THE GARDEN OF EDEN AND OTHER CRIMINAL DELIGHTS
Not everything written by well-established authors should be published. Never was this truer than when Stephen King came out with From A Buick 8 and the horrible Dreamcatcher.
Faye Kellerman has been delighting readers with her Decker/Lazzarus crime fiction novels for many years now, and most will probably snap up The Garden of Eden and Other Criminal Delights, a mish-mash collection of short stories (and a few inspired by and coauthored with some of Kellerman’s close family members).
Short story fans will be as equally delighted and chagrined as Kellerman’s fan-base, as this collection runs from quite good to downright terrible. The most notable are the final two stories, "Mummy and Jack" and "Holy Water."

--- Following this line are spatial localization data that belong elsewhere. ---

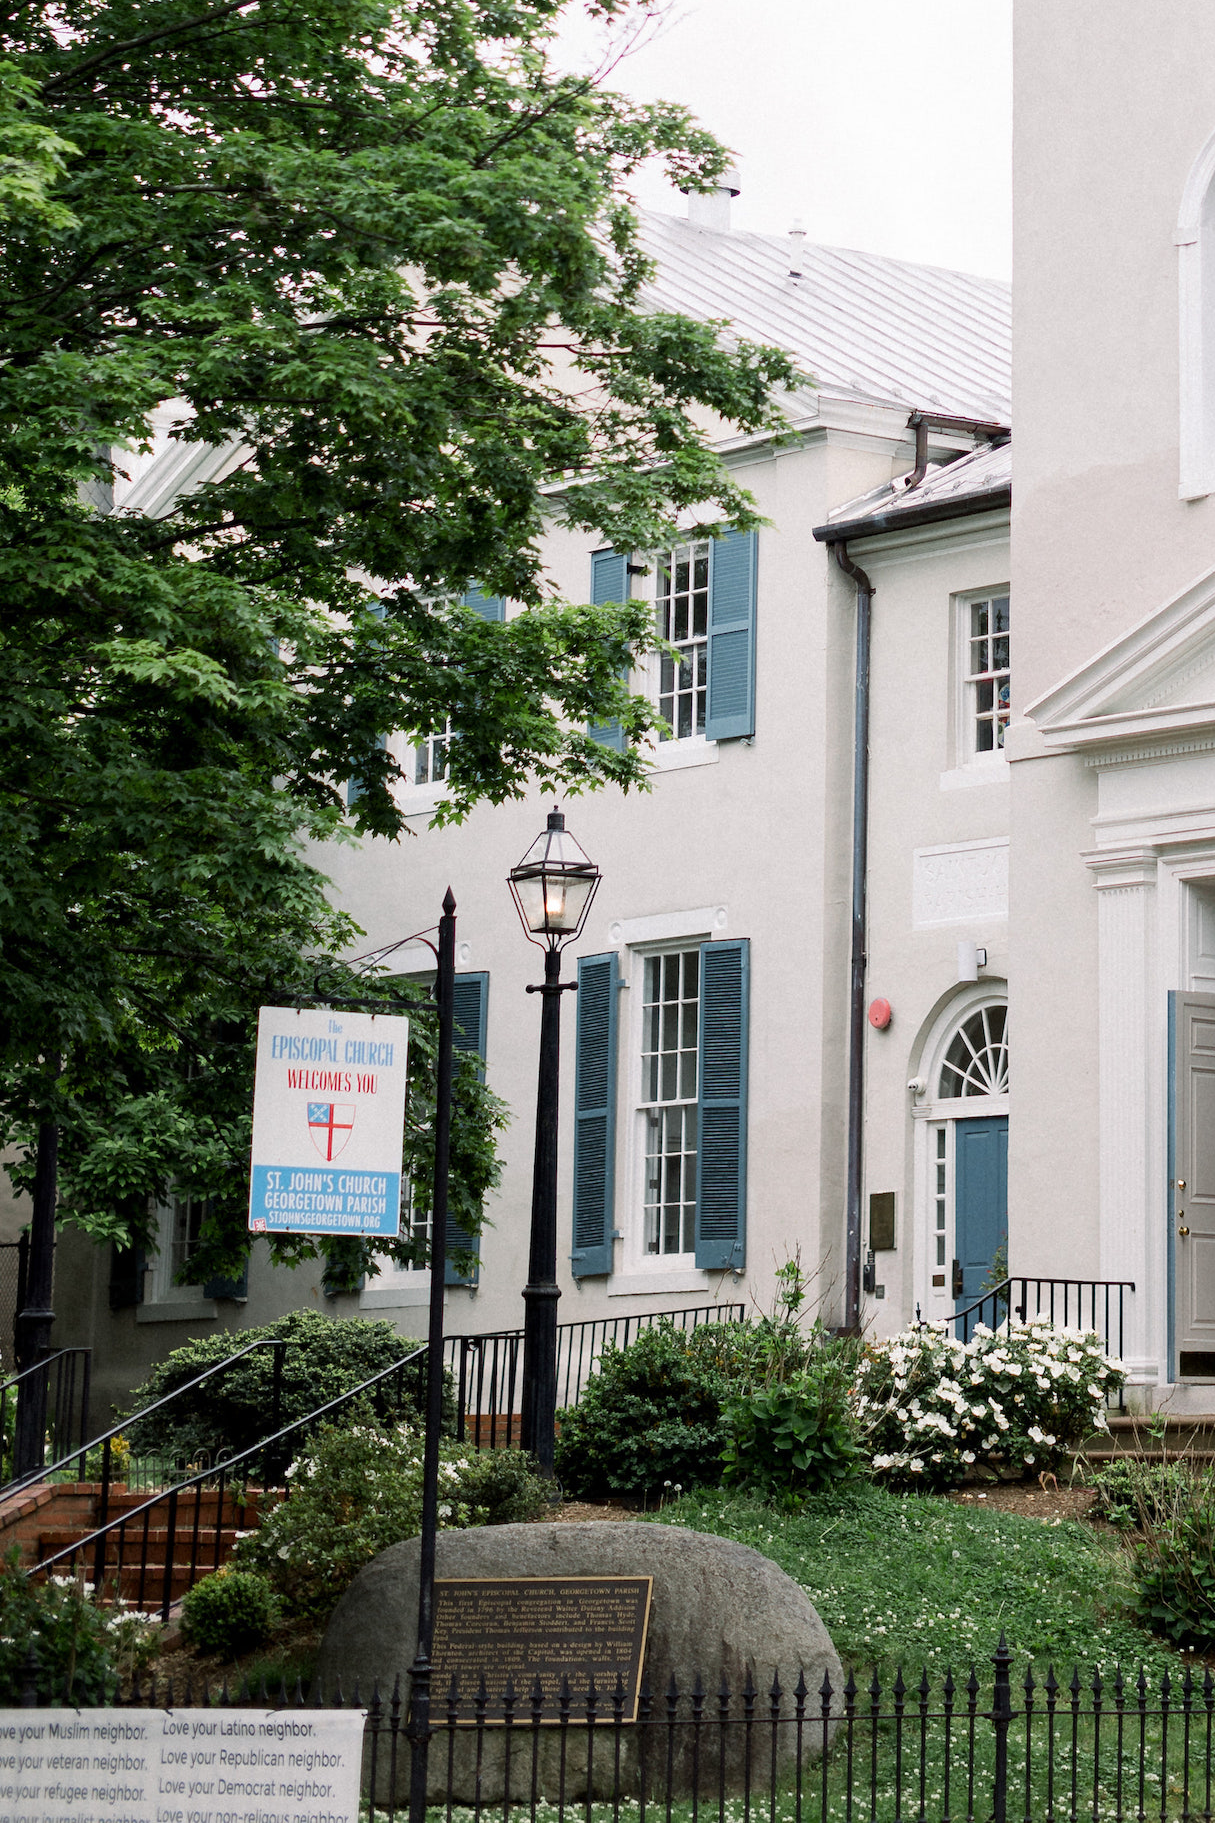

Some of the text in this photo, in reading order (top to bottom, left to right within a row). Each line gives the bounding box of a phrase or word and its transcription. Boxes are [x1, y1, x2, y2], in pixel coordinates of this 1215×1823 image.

[328, 1019, 343, 1034] The
[271, 1034, 394, 1067] EPISCOPAL CHURCH
[287, 1068, 378, 1095] WELCOMES YOU
[266, 1171, 387, 1196] ST. JOHN'S CHURCH
[264, 1191, 387, 1214] GEORGETOWN PARISH
[268, 1210, 381, 1229] STJOHNSGEORGETOWN.ORG
[19, 1725, 45, 1744] your
[48, 1722, 90, 1740] Muslim
[93, 1722, 148, 1744] neighbor.
[162, 1719, 317, 1741] Love your Latino neighbor.
[18, 1755, 44, 1774] your
[46, 1753, 90, 1770] veteran
[92, 1752, 148, 1775] neighbor.
[160, 1748, 345, 1772] Love your Republican neighbor.
[15, 1785, 41, 1803] your
[44, 1782, 88, 1804] refugee
[91, 1783, 148, 1806] neighbor.
[158, 1778, 336, 1802] Love your Democrat neighbor.
[156, 1807, 183, 1823] Love
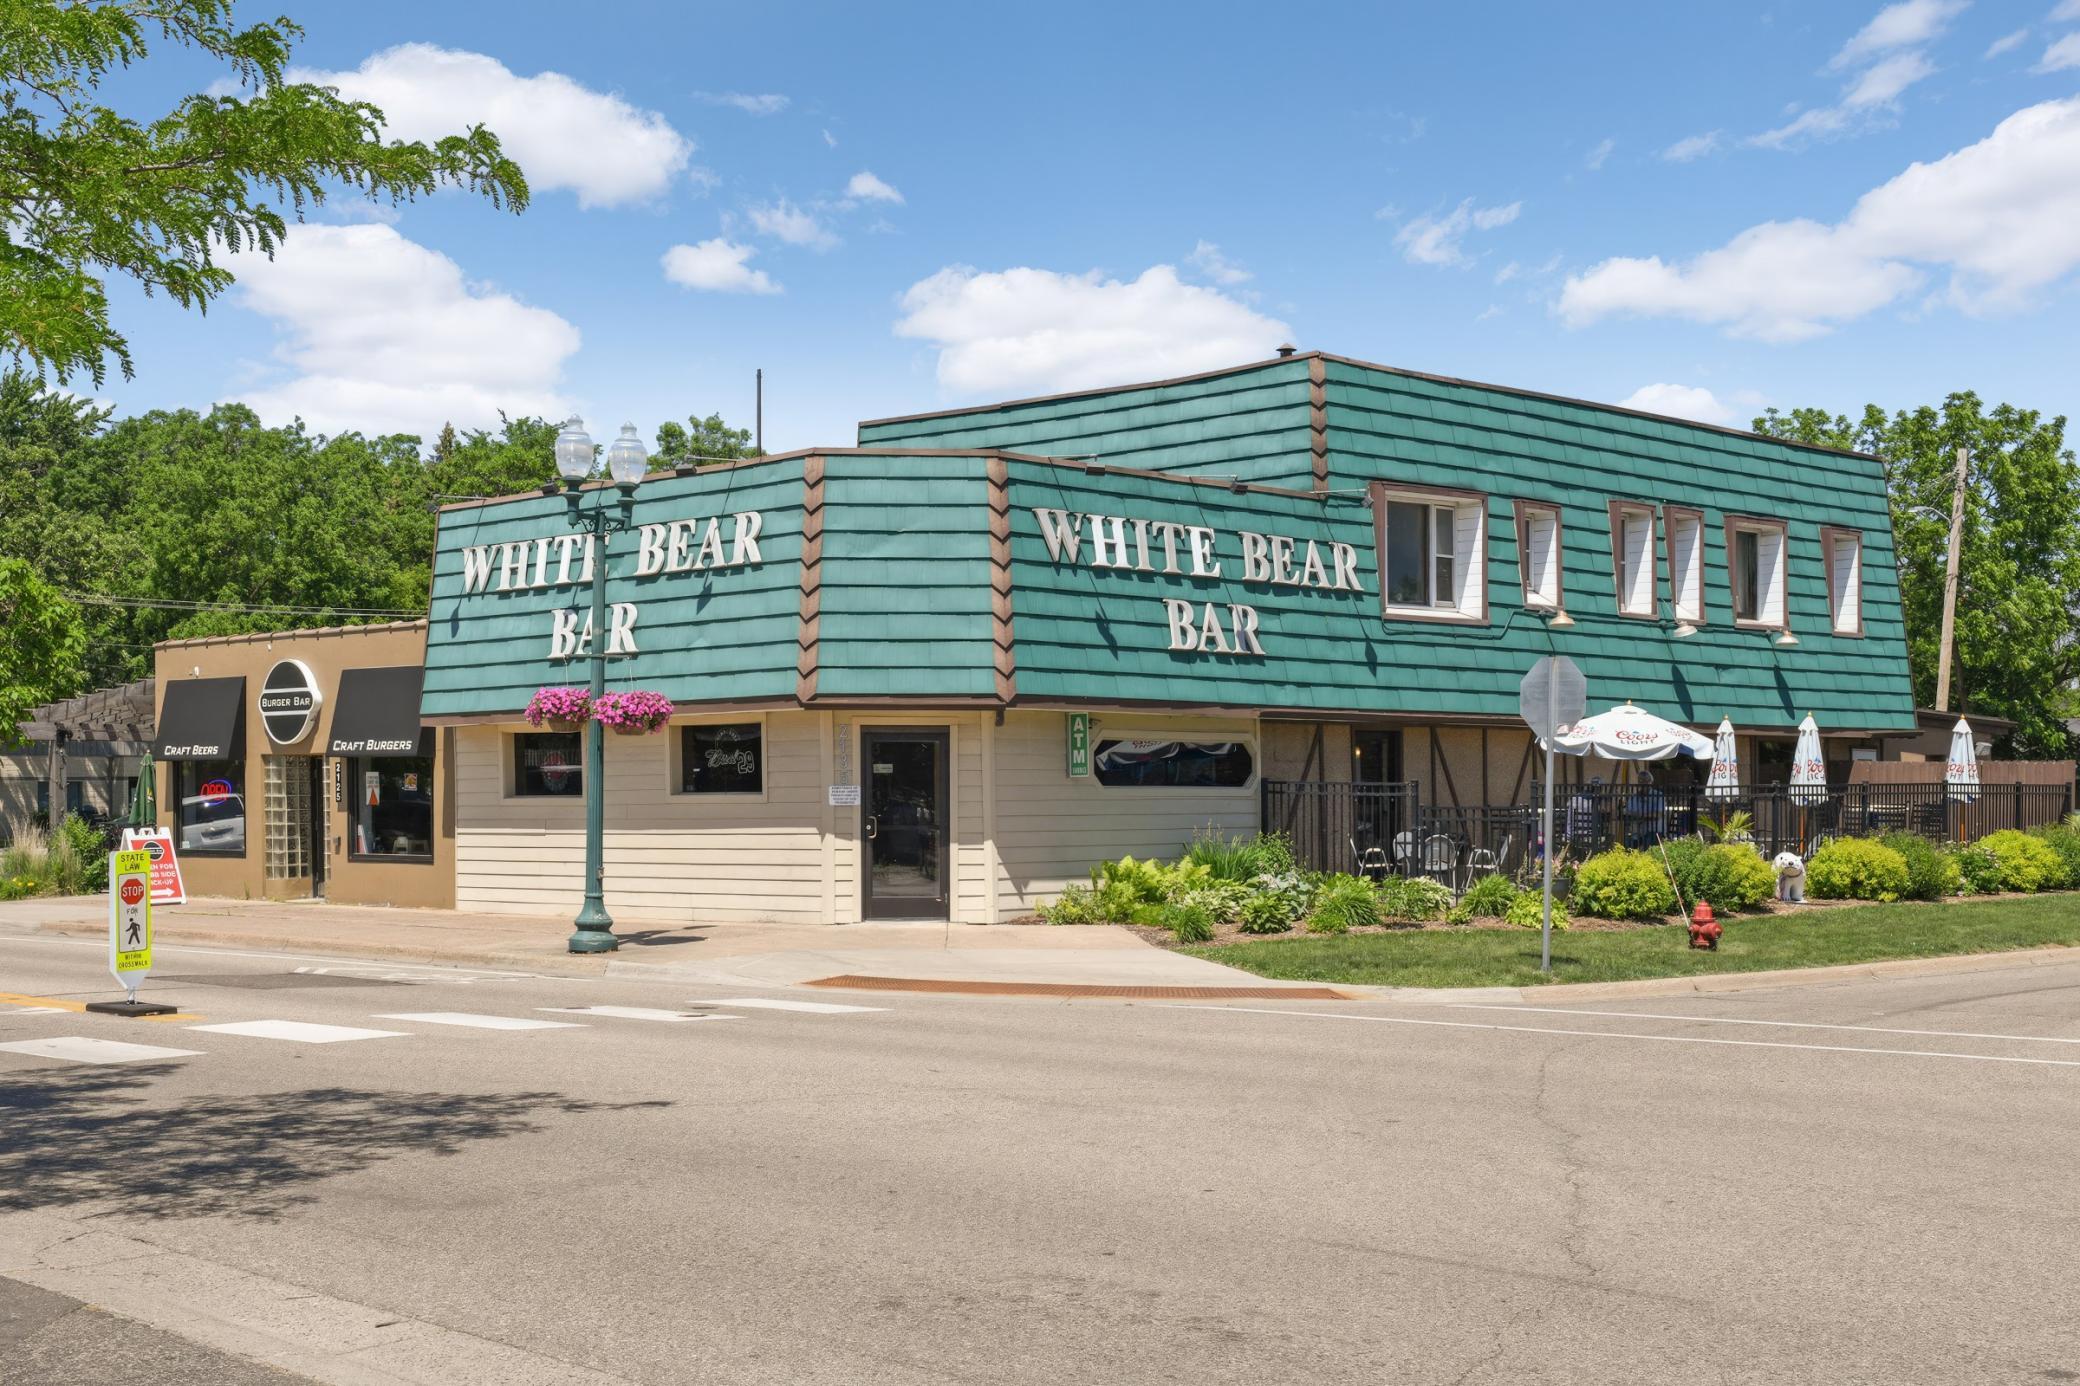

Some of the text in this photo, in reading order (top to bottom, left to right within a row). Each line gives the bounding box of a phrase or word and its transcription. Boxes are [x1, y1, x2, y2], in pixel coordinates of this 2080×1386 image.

"Mummy and Jack" was a coauthored piece with Kellerman’s older son Jesse. Wickedly dark in tone, the story takes the Oedipus complex a bit over the edge and plops us uncomfortably in the middle of adult son Jack’s desire to please his mother by any means necessary ...including killing.
"Holy Water," the longest story in the collection, is a hilarious romp via a Rabbi who’s hijacked by some prosperous thugs that demand the formula for a rival cola company’s soda. Since the Rabbi confirmed the ingredients for kosher reasons, he’s on their list of men whom they need to "talk to." But the Rabbi is smarter than the thugs and twists their plans until even the bad guys come around to his way of thinking.
But from here the stories take a serious nosedive. Several of the Decker/Lazzarus stories fall flat or conclude in very ho-hum fashion. One story that focuses on Decker and his now grown daughter who’s entering the police field, goes absolutely nowhere while trying to show the strains of the father/daughter relationship during an accidental shooting. Two stories were cowritten by Kellerman’s other children and they read, unfortunately, more like poorly put together streams of consciousness.
If it weren’t for "Holy Water" and "Mummy and Jack," this collection would be easily forgettable. But the big question: Is it worth the price of purchase just for those two stories? That probably depends on how much of a Faye Kellerman fan you are.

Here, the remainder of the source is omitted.